__RECORD EXCERPTS__.
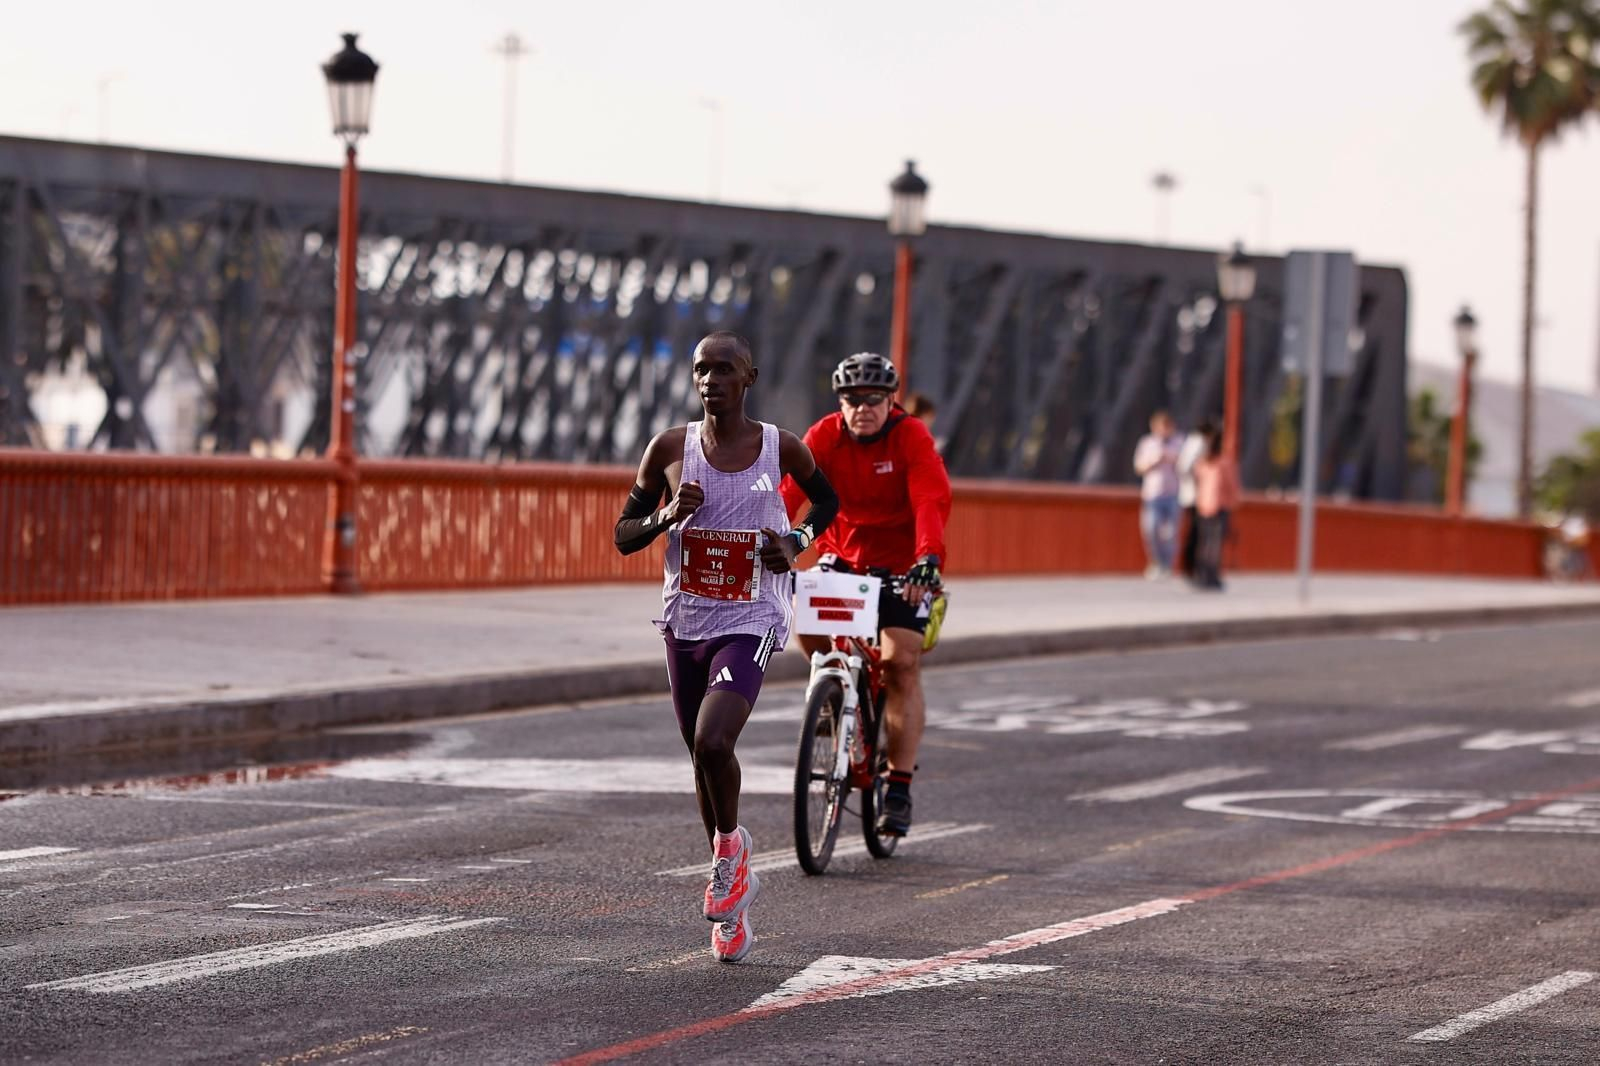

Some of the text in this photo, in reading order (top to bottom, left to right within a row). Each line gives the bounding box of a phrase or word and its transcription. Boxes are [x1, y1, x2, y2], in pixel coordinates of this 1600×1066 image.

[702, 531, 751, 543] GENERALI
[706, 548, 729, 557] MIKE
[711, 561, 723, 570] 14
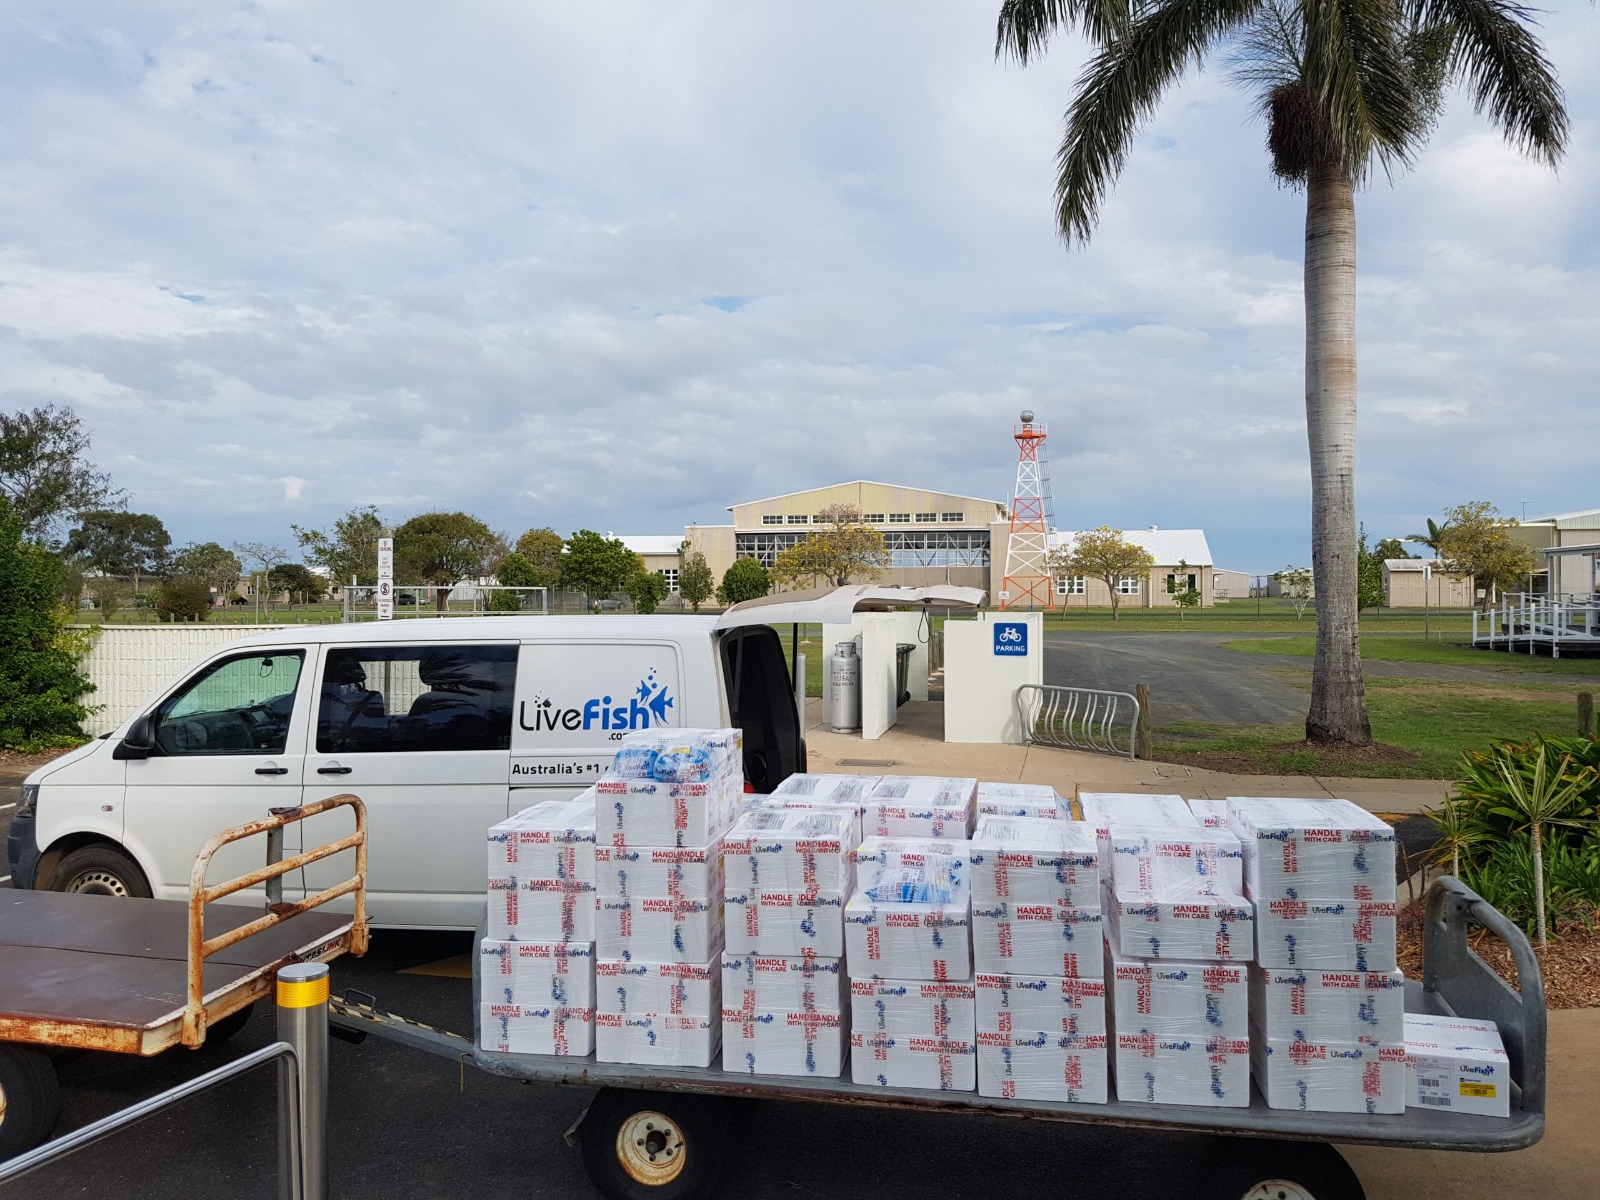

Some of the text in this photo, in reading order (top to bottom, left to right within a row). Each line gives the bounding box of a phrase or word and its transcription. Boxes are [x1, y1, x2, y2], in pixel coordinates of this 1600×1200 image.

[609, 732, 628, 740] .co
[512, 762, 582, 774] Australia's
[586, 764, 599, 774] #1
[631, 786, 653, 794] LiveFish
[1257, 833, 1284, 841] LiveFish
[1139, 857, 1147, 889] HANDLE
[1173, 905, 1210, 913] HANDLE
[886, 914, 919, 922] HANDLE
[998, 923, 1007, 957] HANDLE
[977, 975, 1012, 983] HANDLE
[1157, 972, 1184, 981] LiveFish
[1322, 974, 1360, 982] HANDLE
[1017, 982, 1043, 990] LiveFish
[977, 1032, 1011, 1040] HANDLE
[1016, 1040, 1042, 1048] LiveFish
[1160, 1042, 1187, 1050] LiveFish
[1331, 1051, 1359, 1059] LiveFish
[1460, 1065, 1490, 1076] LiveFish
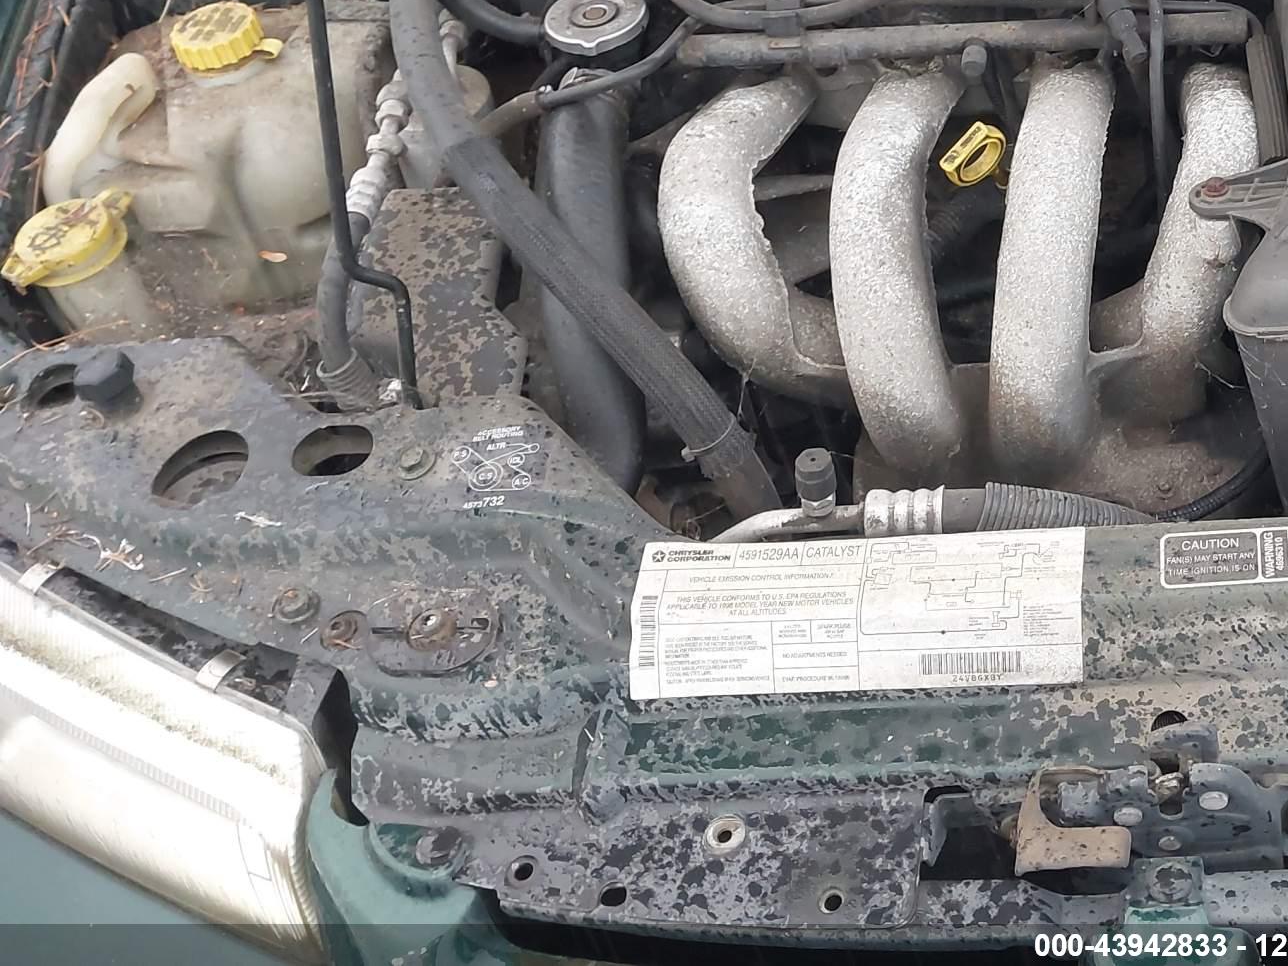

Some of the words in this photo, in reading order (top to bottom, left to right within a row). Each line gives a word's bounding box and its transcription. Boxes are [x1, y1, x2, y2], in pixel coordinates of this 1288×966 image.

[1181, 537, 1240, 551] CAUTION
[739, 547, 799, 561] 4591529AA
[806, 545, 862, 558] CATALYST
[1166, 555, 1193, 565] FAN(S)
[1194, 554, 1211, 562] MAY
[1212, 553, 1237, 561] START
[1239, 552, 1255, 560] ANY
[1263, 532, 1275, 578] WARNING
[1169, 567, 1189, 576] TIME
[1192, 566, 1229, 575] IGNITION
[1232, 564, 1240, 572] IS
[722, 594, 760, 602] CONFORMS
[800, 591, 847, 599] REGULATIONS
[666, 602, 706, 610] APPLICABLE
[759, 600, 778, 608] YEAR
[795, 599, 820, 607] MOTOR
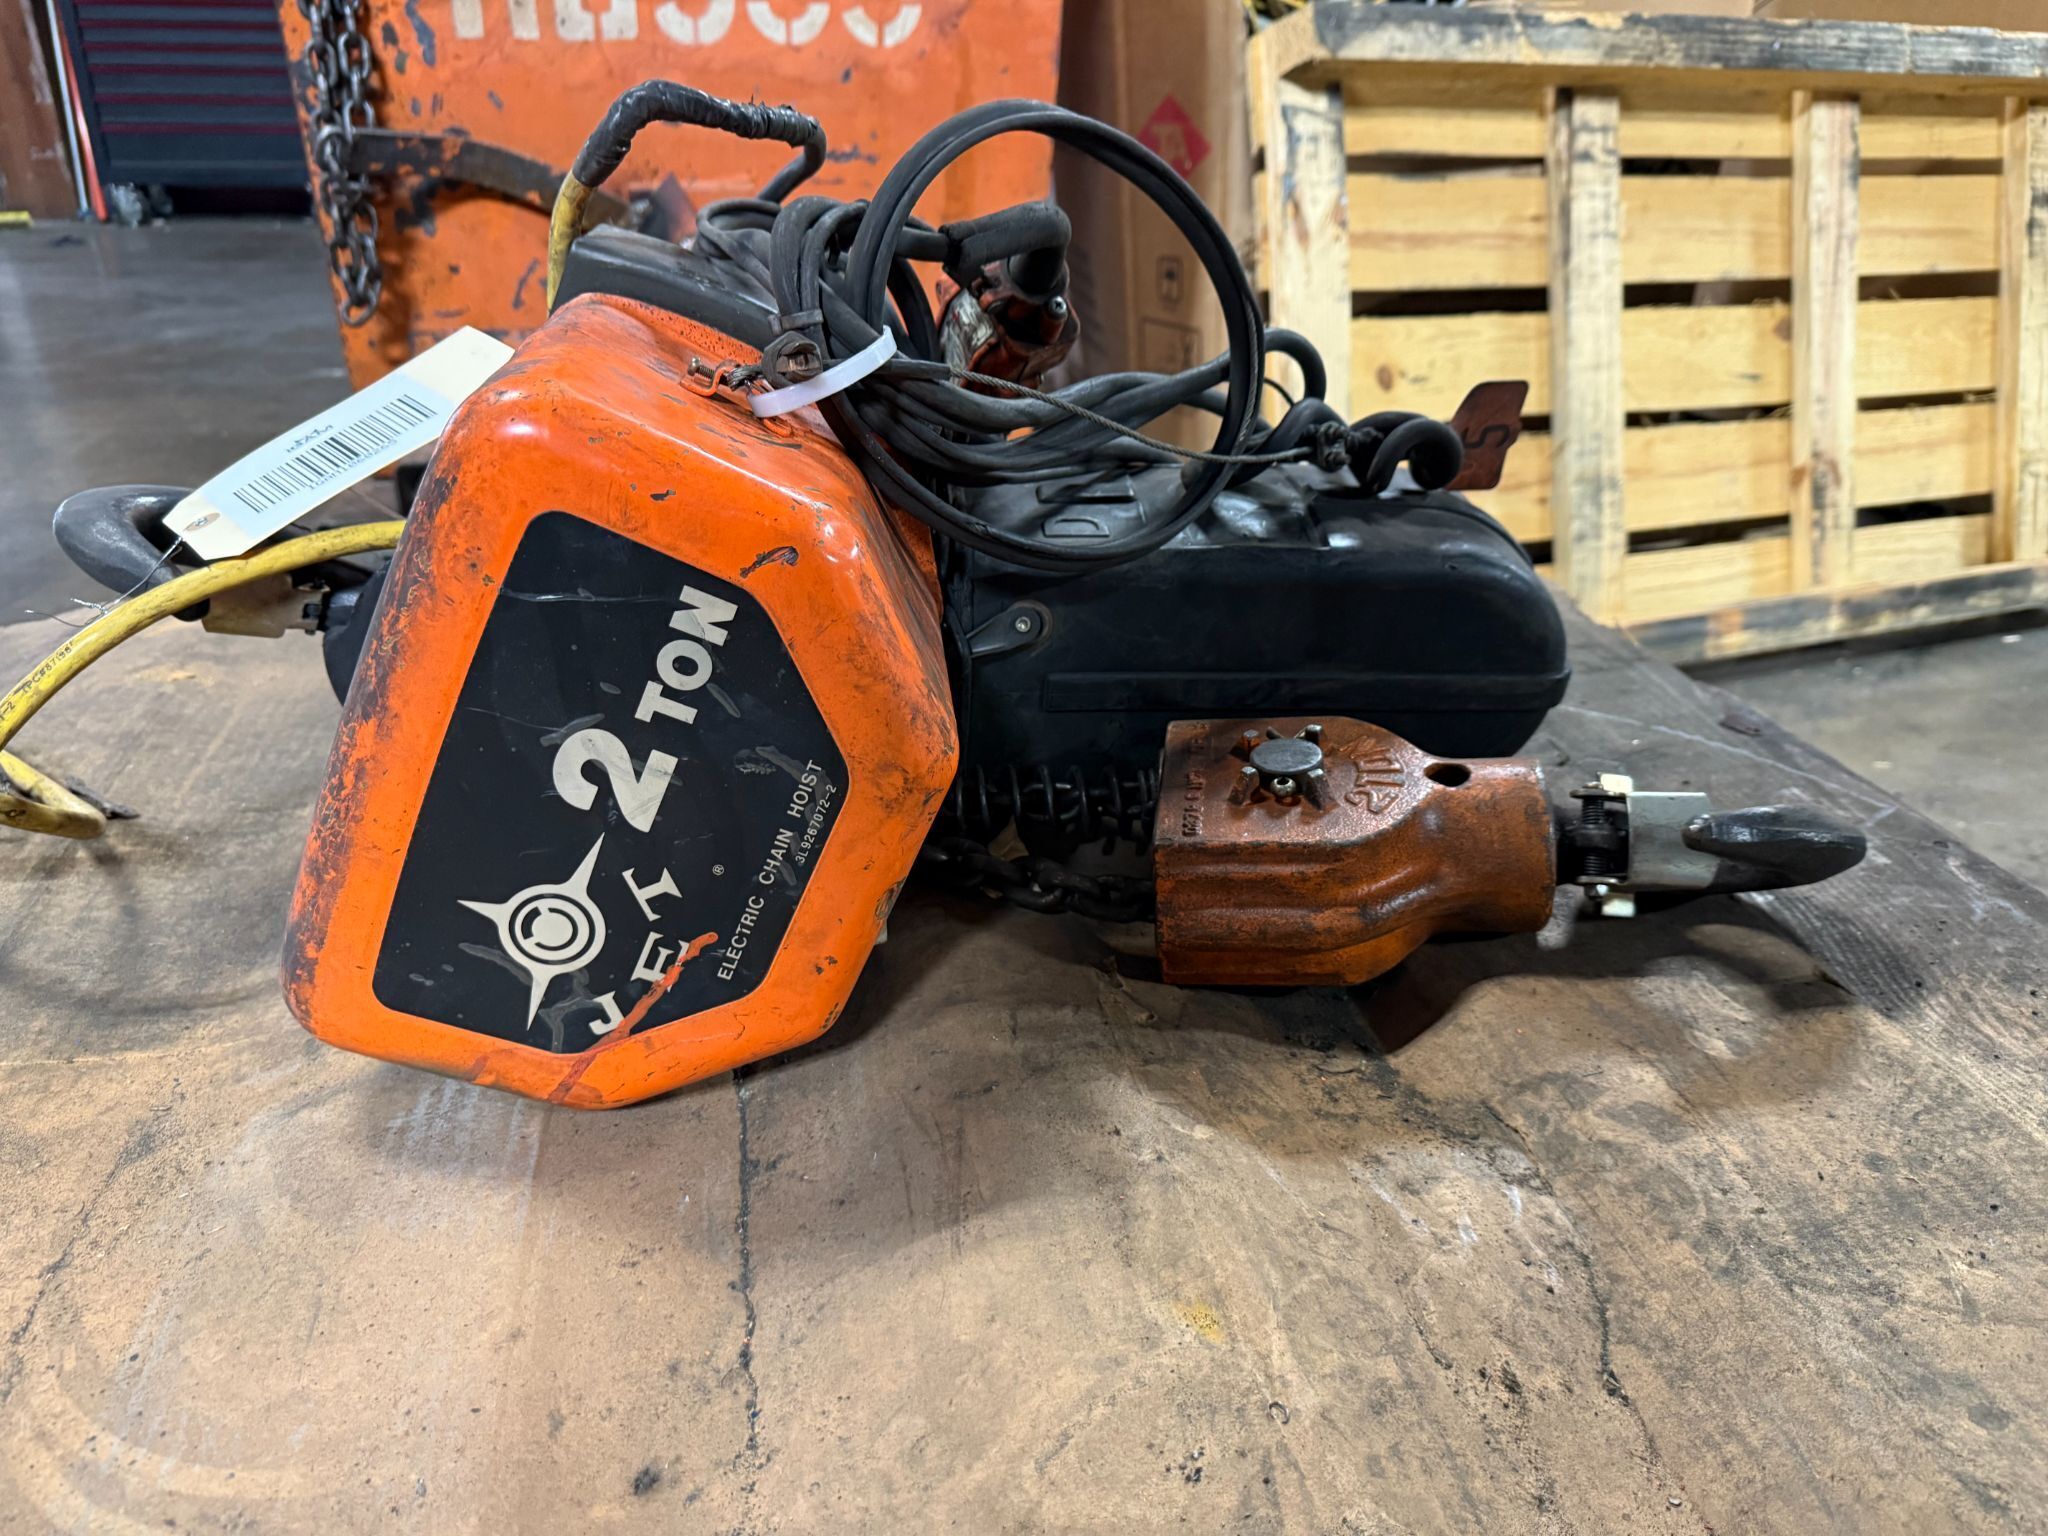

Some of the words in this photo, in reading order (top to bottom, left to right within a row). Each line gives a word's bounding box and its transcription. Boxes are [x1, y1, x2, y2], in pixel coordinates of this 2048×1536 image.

__GOAL OF THE EXERCISE__. What is needed is an exact copy of all the entries above, minus the pictures.

__ANSWER SECTION__.
Some of the text in this photo, in reading order (top to bottom, left to right within a row). Each line gives the bounding box of a phrase or word and its transcription. Boxes are [x1, y1, x2, y2], in pixel coordinates of this 1600×1066 image.

[702, 531, 751, 543] GENERALI
[706, 548, 729, 557] MIKE
[711, 561, 723, 570] 14

Some of the text in this photo, in reading order (top to bottom, left to right within a row). Each line gives the bounding box of a phrase or word and its transcription. Boxes are [x1, y1, x2, y2], in pixel coordinates of this 1600×1200 image.

[609, 732, 628, 740] .co
[512, 762, 582, 774] Australia's
[586, 764, 599, 774] #1
[631, 786, 653, 794] LiveFish
[1257, 833, 1284, 841] LiveFish
[1139, 857, 1147, 889] HANDLE
[1173, 905, 1210, 913] HANDLE
[886, 914, 919, 922] HANDLE
[998, 923, 1007, 957] HANDLE
[977, 975, 1012, 983] HANDLE
[1157, 972, 1184, 981] LiveFish
[1322, 974, 1360, 982] HANDLE
[1017, 982, 1043, 990] LiveFish
[977, 1032, 1011, 1040] HANDLE
[1016, 1040, 1042, 1048] LiveFish
[1160, 1042, 1187, 1050] LiveFish
[1331, 1051, 1359, 1059] LiveFish
[1460, 1065, 1490, 1076] LiveFish

Some of the words in this photo, in reading order (top to bottom, left to right within a row). Each line gives a word's bounding box and its transcription. Boxes are [x1, y1, x2, y2], in pixel coordinates of this 1288×966 image.

[1181, 537, 1240, 551] CAUTION
[739, 547, 799, 561] 4591529AA
[806, 545, 862, 558] CATALYST
[1166, 555, 1193, 565] FAN(S)
[1194, 554, 1211, 562] MAY
[1212, 553, 1237, 561] START
[1239, 552, 1255, 560] ANY
[1263, 532, 1275, 578] WARNING
[1169, 567, 1189, 576] TIME
[1192, 566, 1229, 575] IGNITION
[1232, 564, 1240, 572] IS
[722, 594, 760, 602] CONFORMS
[800, 591, 847, 599] REGULATIONS
[666, 602, 706, 610] APPLICABLE
[759, 600, 778, 608] YEAR
[795, 599, 820, 607] MOTOR

Some of the words in this photo, in reading order (top to bottom, left to right within a row). Each line gives a word's bounding box and its transcription. Boxes are [x1, y1, x2, y2], in pixel coordinates of this 2048×1536 image.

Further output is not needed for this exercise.